§ **WHAT TO PRODUCE**: Output the lines of the entries below beginning at the one with "Some of the text" and ending with the last, exactly as written and without pictures.
- Opening Delimiter -
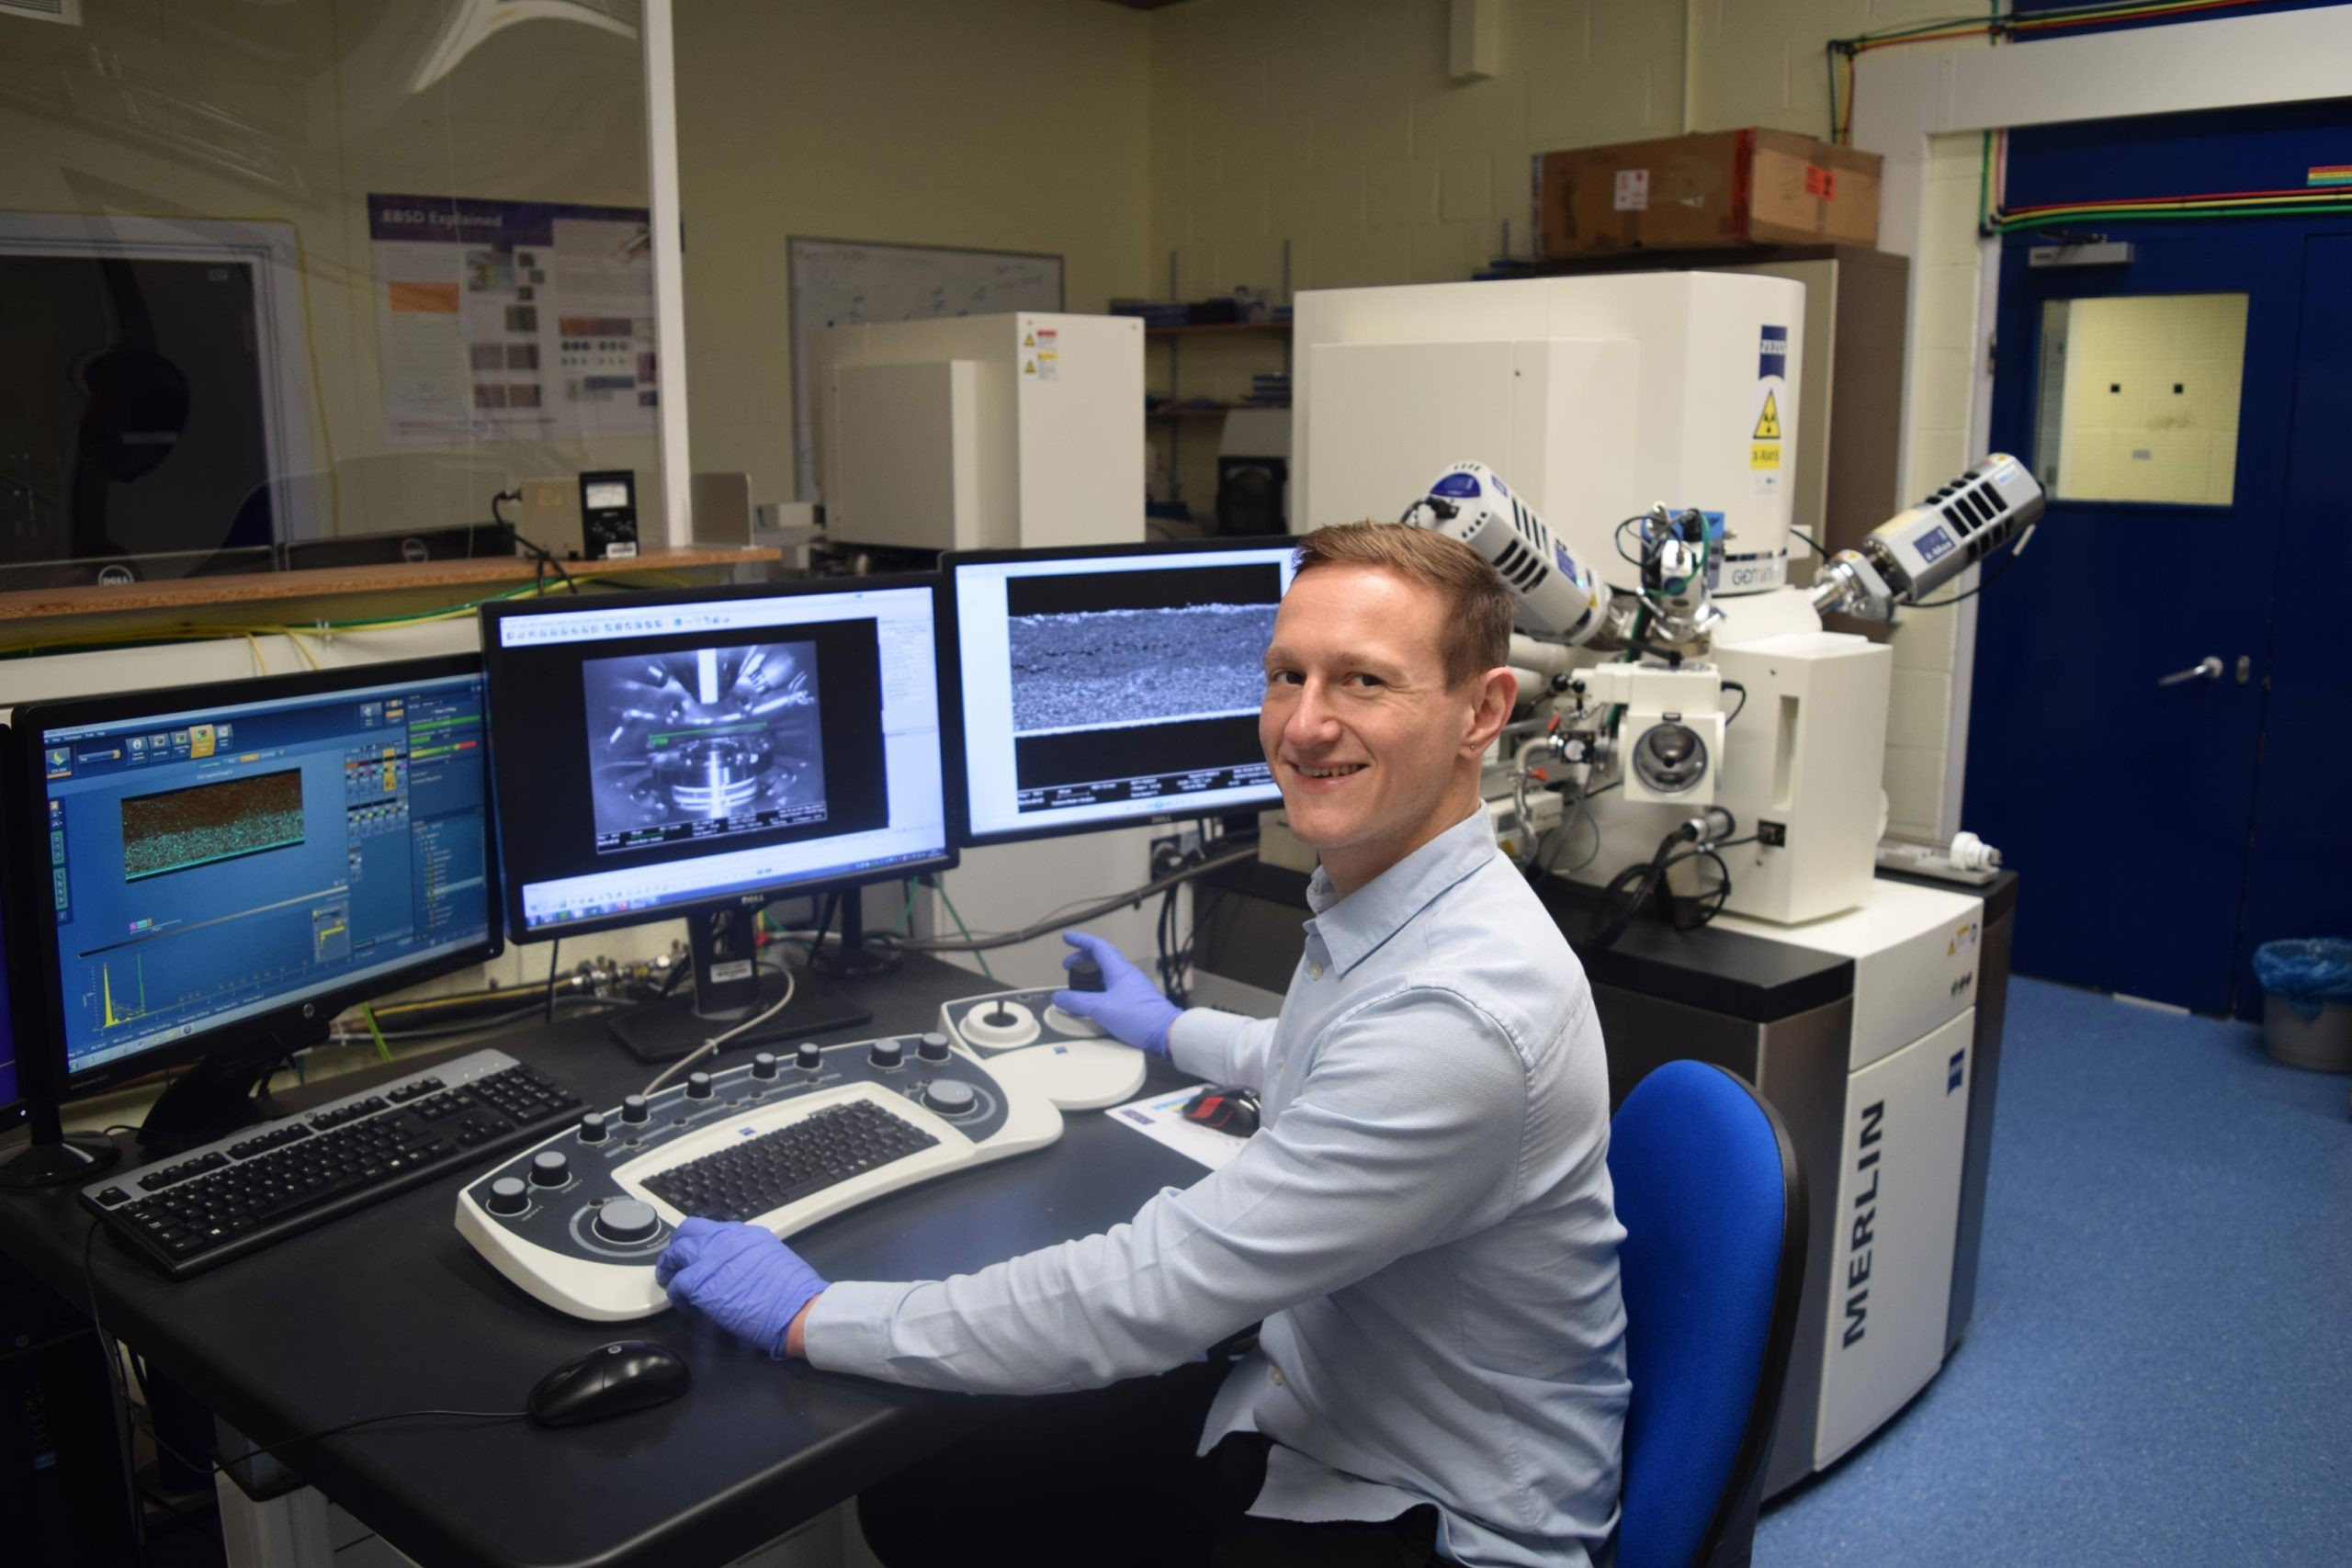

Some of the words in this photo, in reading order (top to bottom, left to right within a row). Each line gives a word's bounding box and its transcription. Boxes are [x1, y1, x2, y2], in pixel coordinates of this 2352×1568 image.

[382, 209, 425, 223] EBSD
[428, 210, 503, 230] Explained
[1841, 1100, 1885, 1350] MERLIN
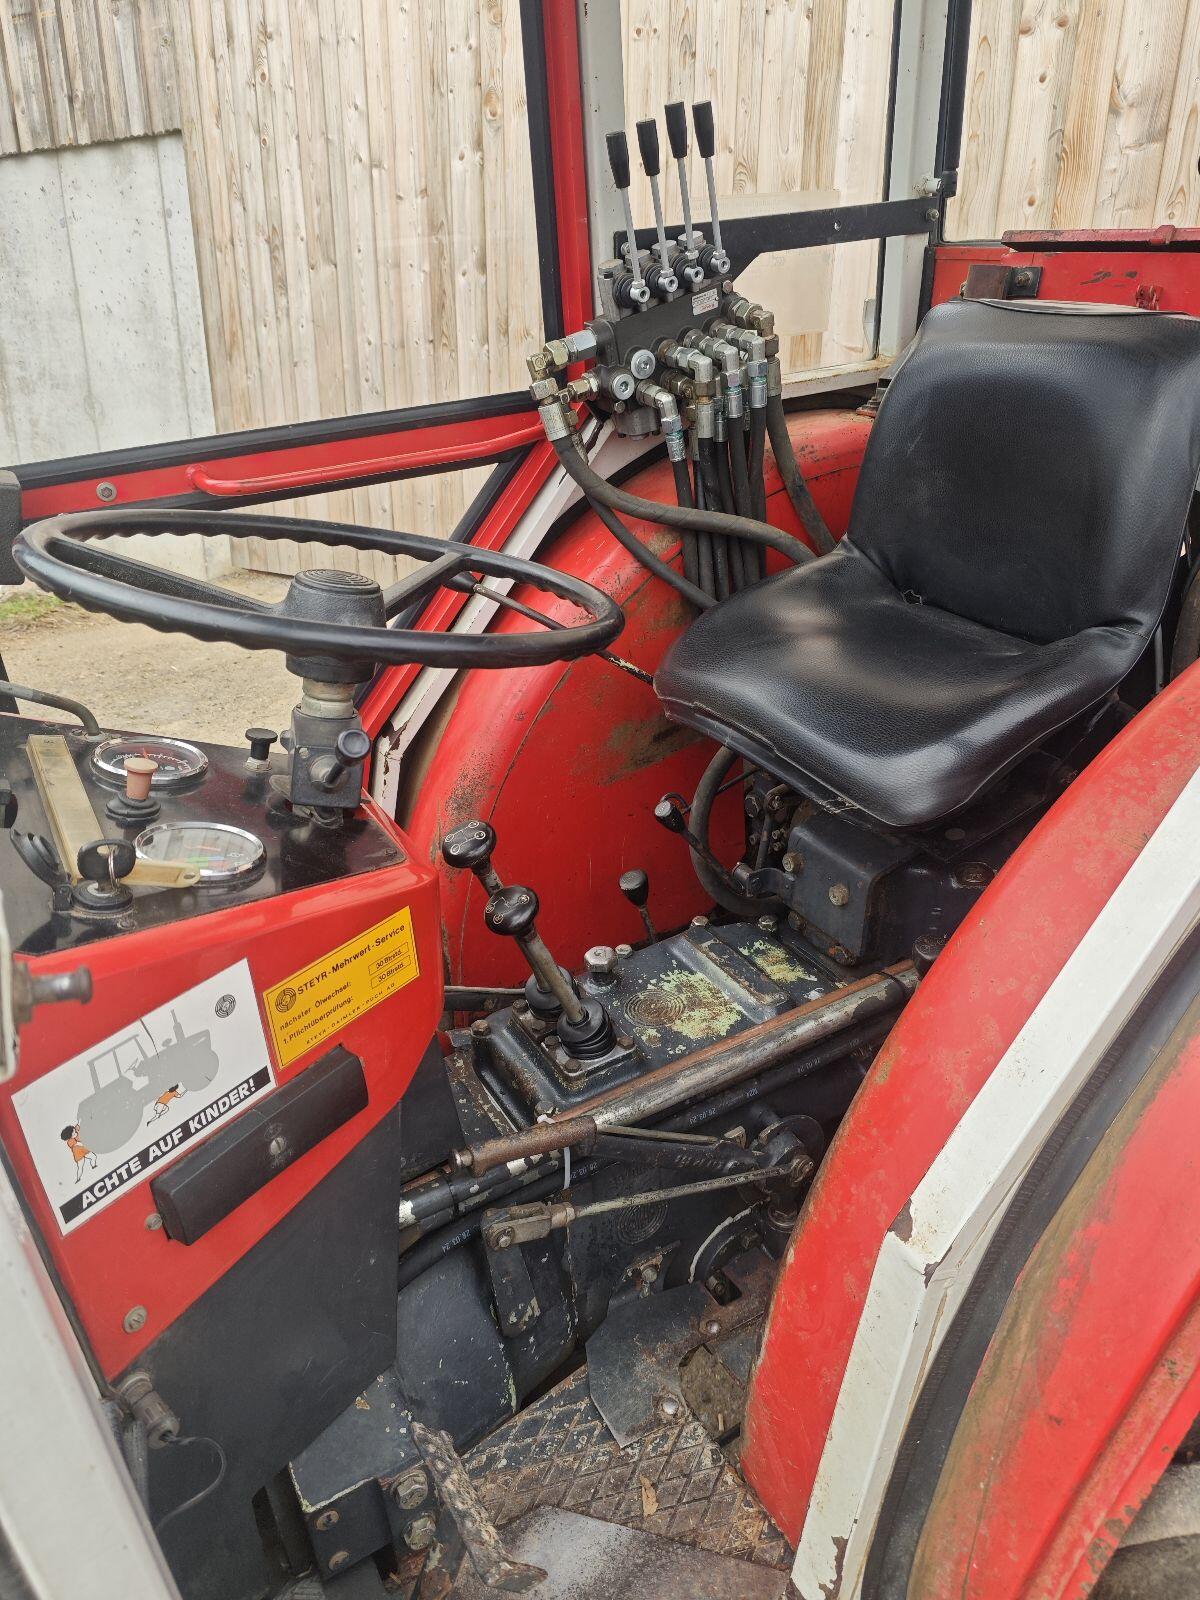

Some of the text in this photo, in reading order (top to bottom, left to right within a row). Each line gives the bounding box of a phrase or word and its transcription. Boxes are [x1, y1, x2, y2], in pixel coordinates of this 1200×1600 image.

[280, 1007, 311, 1031] nächster
[314, 981, 352, 1008] Ölwechsel:
[82, 1078, 256, 1210] ACHTE AUF KINDER!
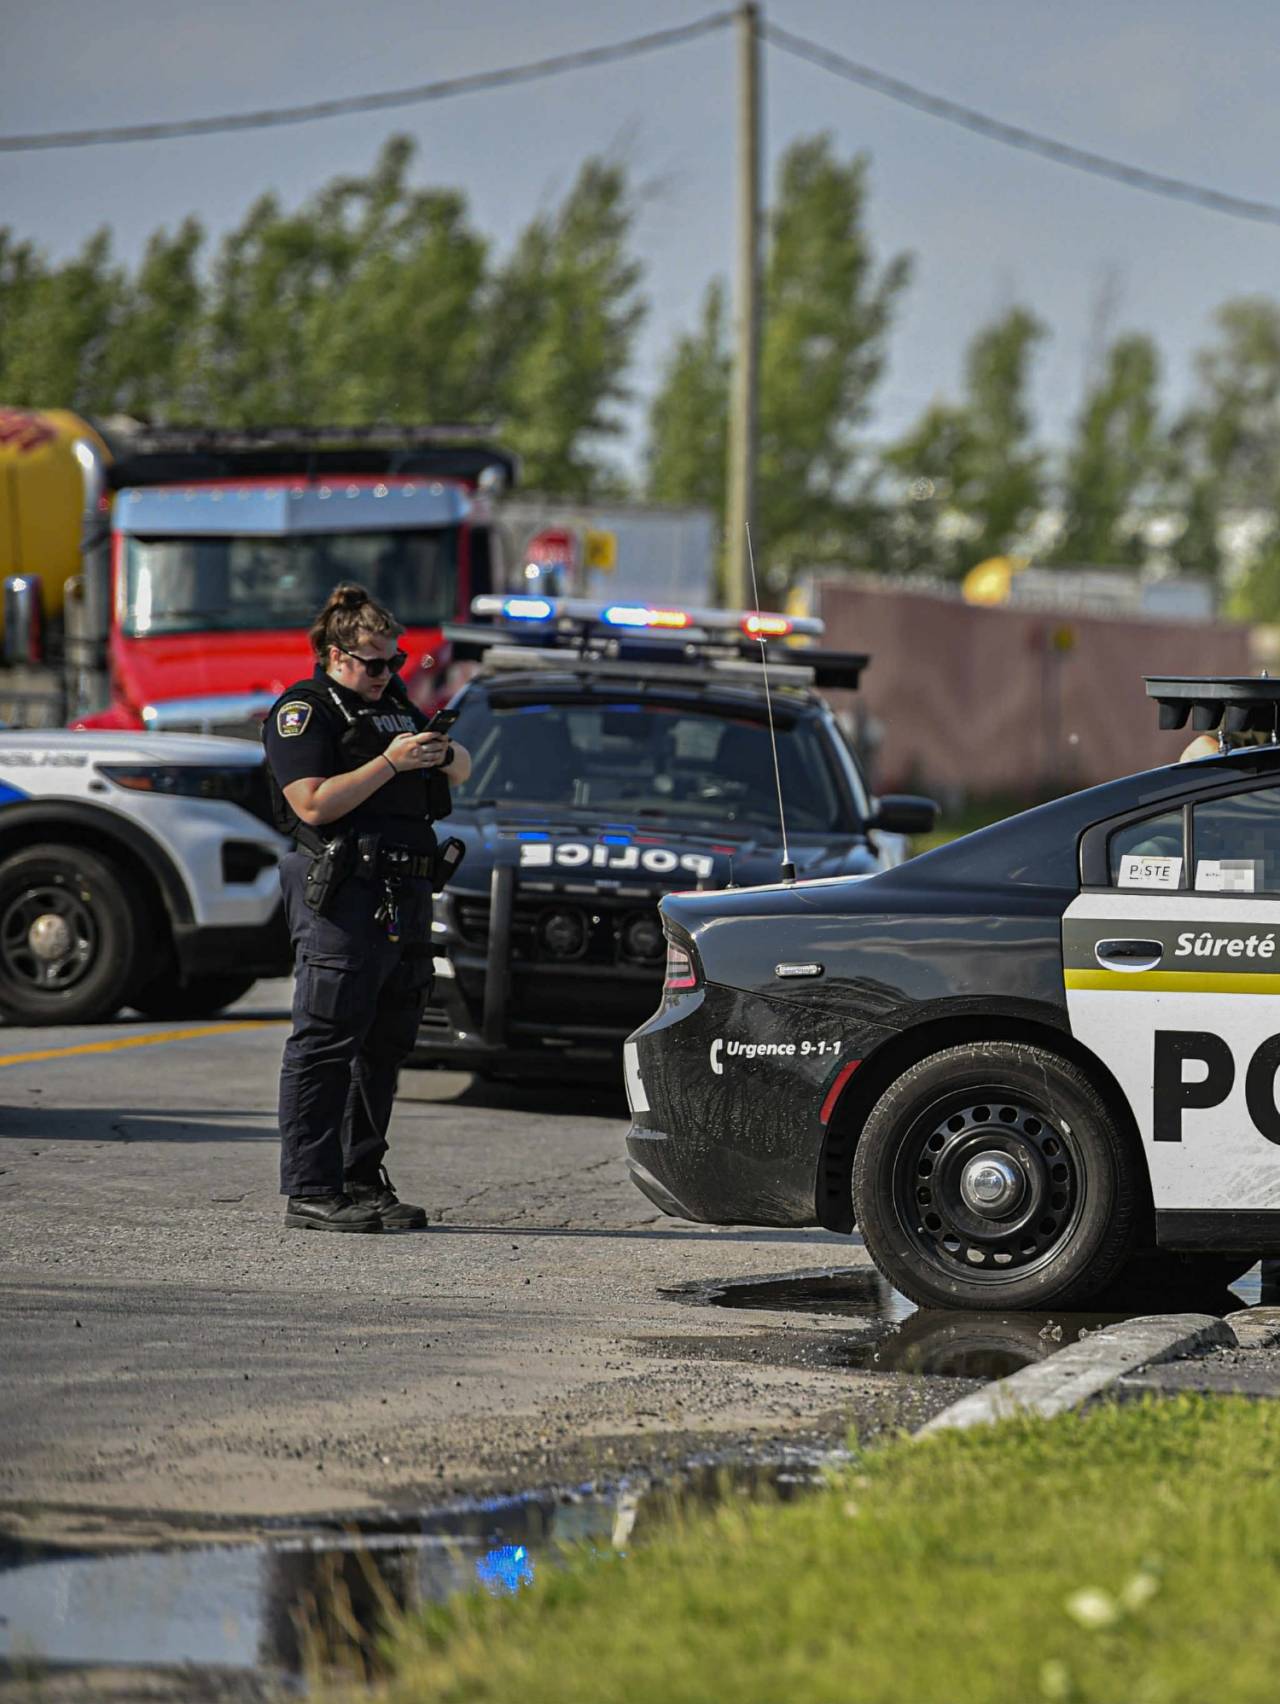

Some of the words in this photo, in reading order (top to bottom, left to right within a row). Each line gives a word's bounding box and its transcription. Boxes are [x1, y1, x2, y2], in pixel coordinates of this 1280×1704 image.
- Closing Delimiter -
§ **EXERCISE OUTPUT**:
Some of the text in this photo, in reading order (top to bottom, left to right within a row). Each line gives the bounding box of a phrase or word and its transcription. Boxes are [x1, y1, x2, y2], in pixel coordinates of this 1200×1600 image.

[280, 1007, 311, 1031] nächster
[314, 981, 352, 1008] Ölwechsel:
[82, 1078, 256, 1210] ACHTE AUF KINDER!

Some of the words in this photo, in reading order (top to bottom, left to right within a row). Each line gives a word's bounding box and its transcription. Boxes are [x1, y1, x2, y2], in pixel coordinates of this 1280×1704 image.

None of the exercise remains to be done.